Midsommar is the latest horror film from Ari Aster, who made Hereditary, which starred Toni Collette and was a sensation. That was a domestic, claustrophobic scenario packed with jump scares — well, jump-ish scares; I wasn’t that scared, actually — whereas this is pastoral and relies more on building a quiet dread. It’s set in the remote countryside where a pagan community has its own superstitions and rituals and ‘elders’ and a maypole — and they are never good news, maypoles. This is clever and gripping in its own right, but it is also familiar and will certainly put you in mind of The Wicker Man. That is, the 1973 original, not the 2006 remake starring a deranged Nicolas Cage jump-kicking women in the throat, which we will never talk of again. I regret even bringing it up.

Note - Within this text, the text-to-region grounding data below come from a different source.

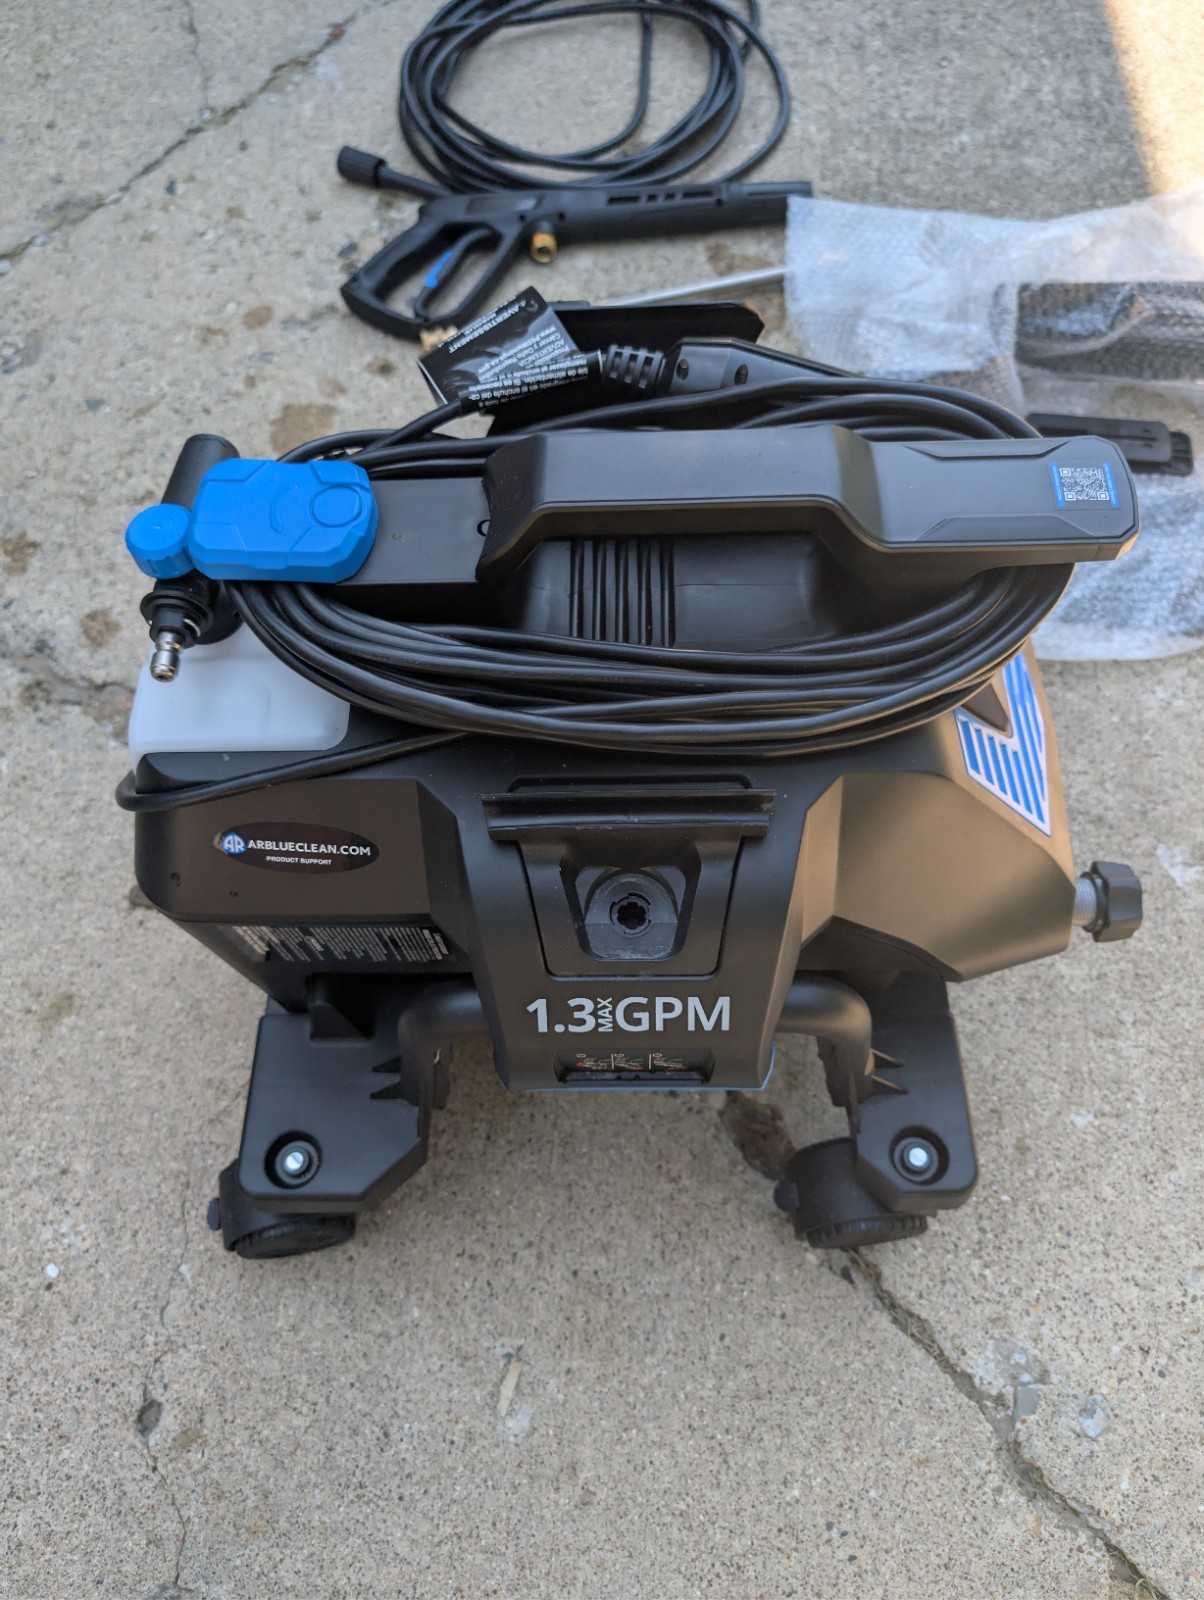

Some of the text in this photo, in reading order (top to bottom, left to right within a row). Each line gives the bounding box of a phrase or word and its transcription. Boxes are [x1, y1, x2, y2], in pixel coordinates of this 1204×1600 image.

[447, 303, 520, 353] AVERTISSEMENT
[538, 332, 561, 348] Cáncer
[517, 338, 565, 367] ADVERTENCIA
[493, 387, 520, 396] enchufe
[248, 840, 371, 856] ARBLUECLEAN.COM
[526, 996, 730, 1033] 1.3 MAX GPM
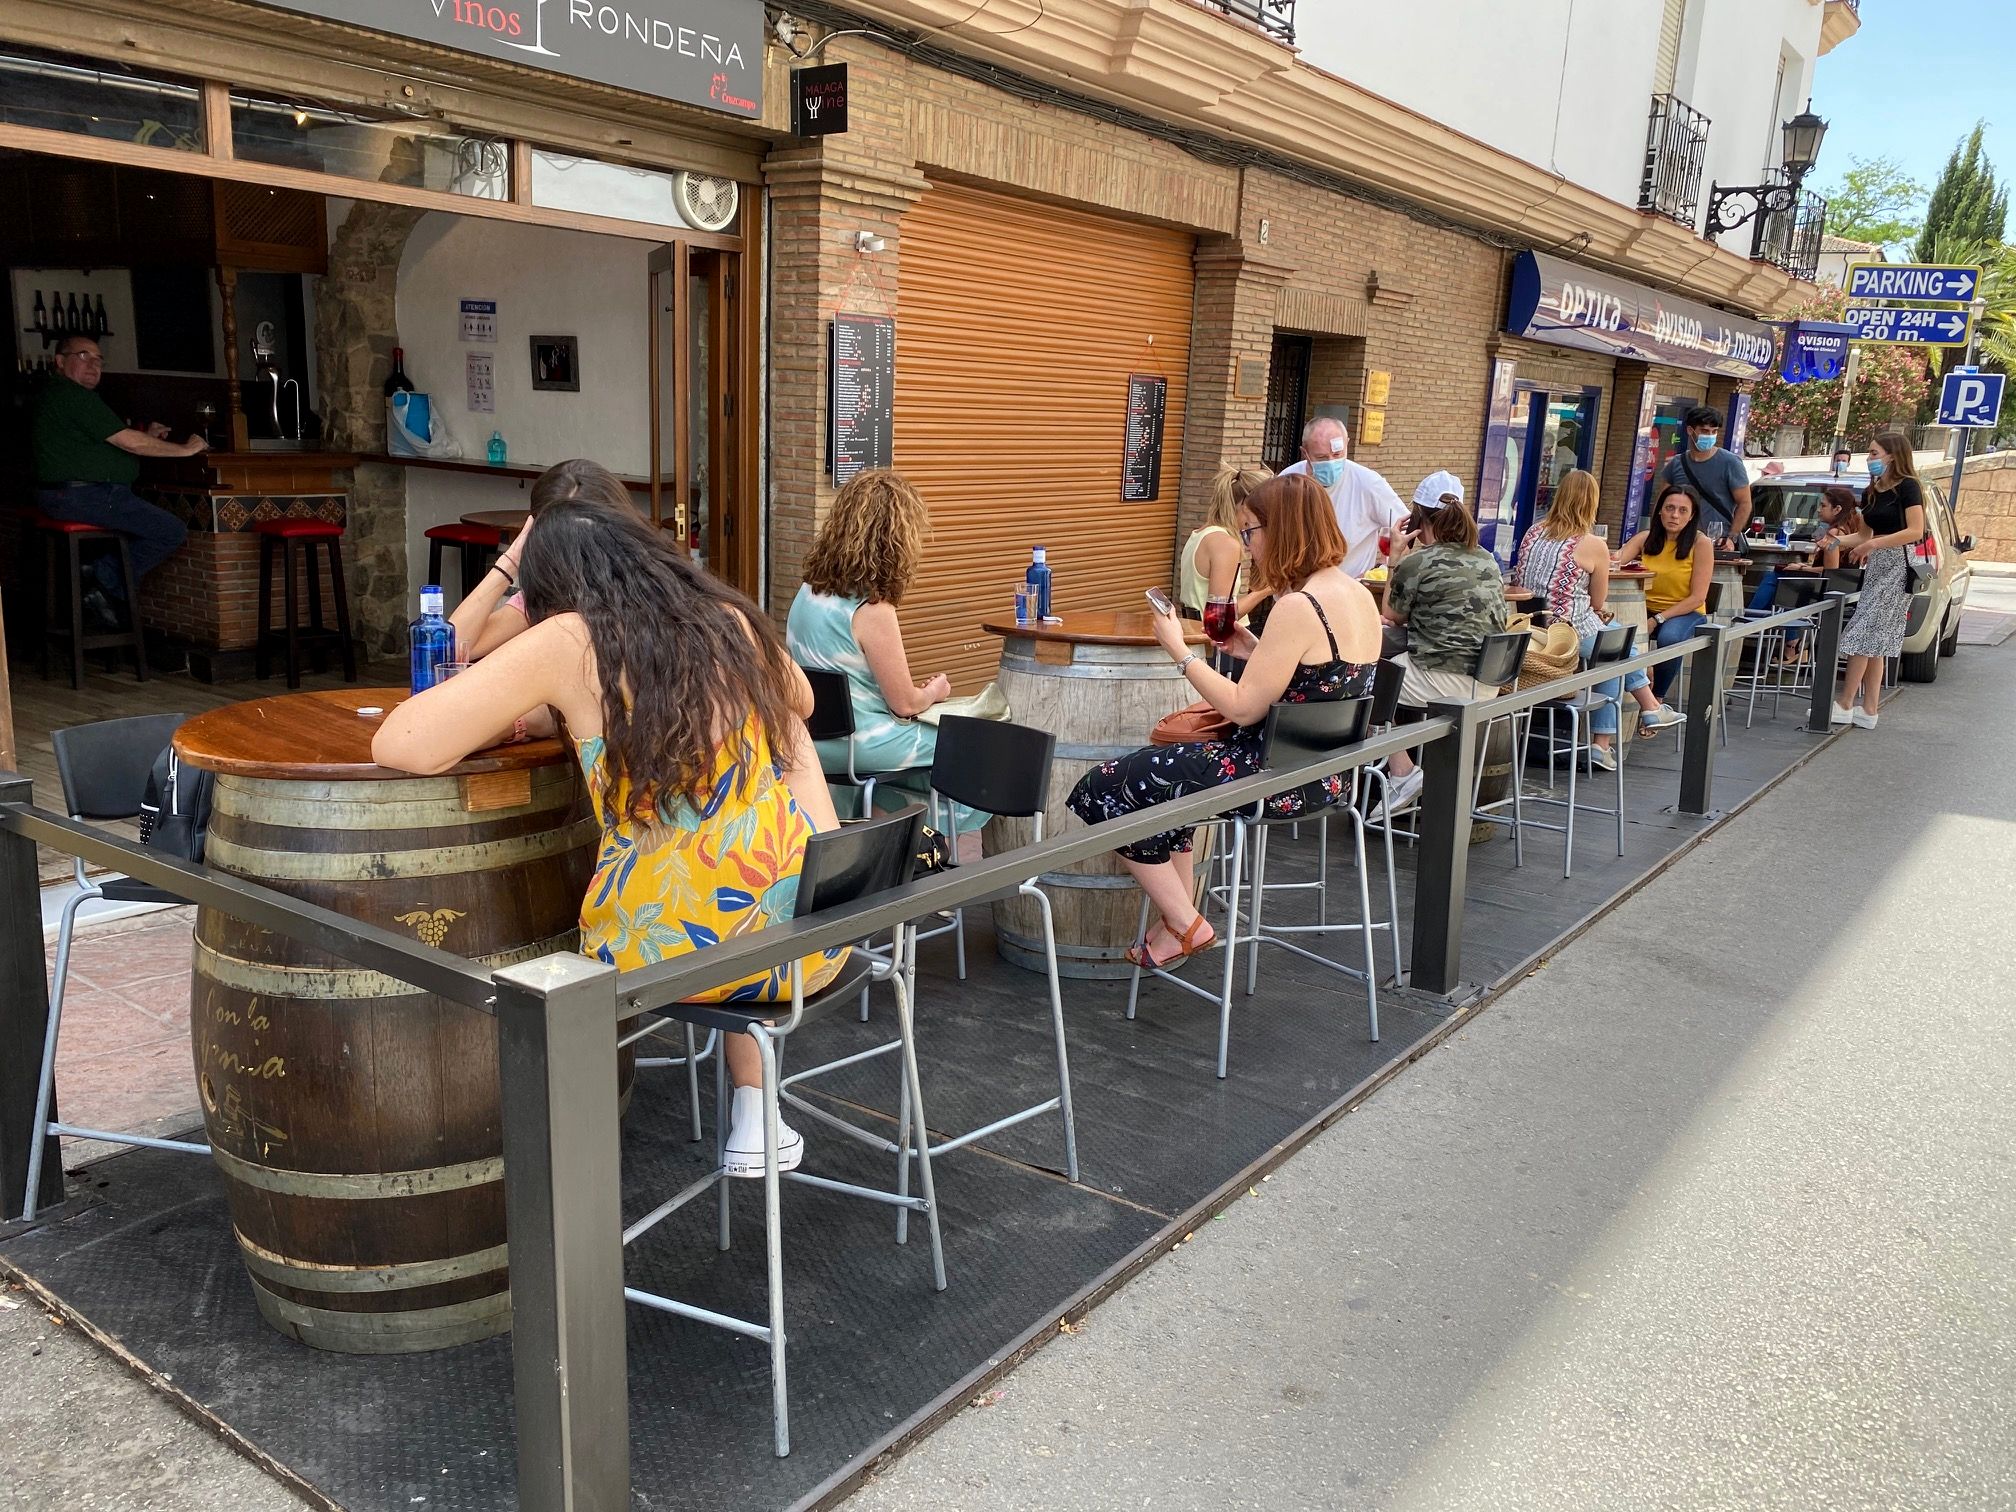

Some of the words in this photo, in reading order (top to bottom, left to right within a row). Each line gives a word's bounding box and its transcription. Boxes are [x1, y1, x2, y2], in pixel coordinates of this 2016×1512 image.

[569, 0, 745, 70] RONDEÑA
[1851, 269, 1944, 296] PARKING
[1845, 309, 1896, 326] OPEN
[1899, 311, 1937, 328] 24H
[1860, 325, 1889, 340] 50
[1955, 380, 1986, 421] P
[247, 996, 270, 1031] la

The film stars the magnificent Florence Pugh as Dani, who is grief-stricken — a prologue at the outset neatly shows us how she was traumatized — and clings to Christian (Jack Reynor), the boyfriend who is bad for her. She invites herself on a trip to Sweden with him and his friends — Mark (Will Poulter), Josh (William Jackson Harper) and Pelle (Vilhelm Blomgren) — who are also bad for her. They’re not evil, but have no emotional intelligence and can’t connect with what she has been through. Consequently, they treat her as a pain and a drag and needy. There is an undercurrent of sharp humor running throughout, particularly evident in the scene where Christian tells his friends that Dani will be accompanying them. They’re sort of Seth Rogen lites, these fellas, and we know Dani deserves better, but does she know she deserves better? (Not yet. Give her time.)
Pelle, who is Swedish, is taking them to his native country to meet his folks, plus he has promised they can witness ‘a sort of nine-day festival we’re doing in the woods’ which happens ‘only once every 90 years’. They’re all studying anthropology, and Josh is doing his thesis on European midsummer traditions, so it kind of makes sense. They take a plane and drive for hours, finally arriving at Halsingland, which is isolated and situated in a large, wood-fringed meadow that is exceedingly lush and beautiful.
Here, the women wear traditional white dresses and flower-garland crowns while the men, also in white — I kept worrying about grass stains — look as if they’ve stepped out of the 19th century. There are runes engraved with odd symbols and a dormitory with strange hieroglyphic drawings all over the walls and peculiar brews and a bear in a cage. At first, Dani and the others are merely intrigued whereas I was already thinking: ‘Get out, get out. Turn round, and go.’ Oops. Too late.
At this point I could say: this happens, then this happens and there’s a wooden, pyramid-shaped construction that they have been told they must never enter. But the less you know the better. Aster keeps you off-kilter, steadily building (and building and building) that dread, and part of the fun is in not being able to anticipate where this is going exactly, or why those two ‘elders’ are being carried to the top of that cliff. There are horrors, but this is still a good horror film for those who don’t like horror films as it’s as much about the disturbing, menacing rhythm.
A couple of subplots do fall flat — the rivalry between Christian and Josh never really goes anywhere — but Pugh pulls it all together magnificently, especially in the final scene, which is horrifying. Or lovely. Or both.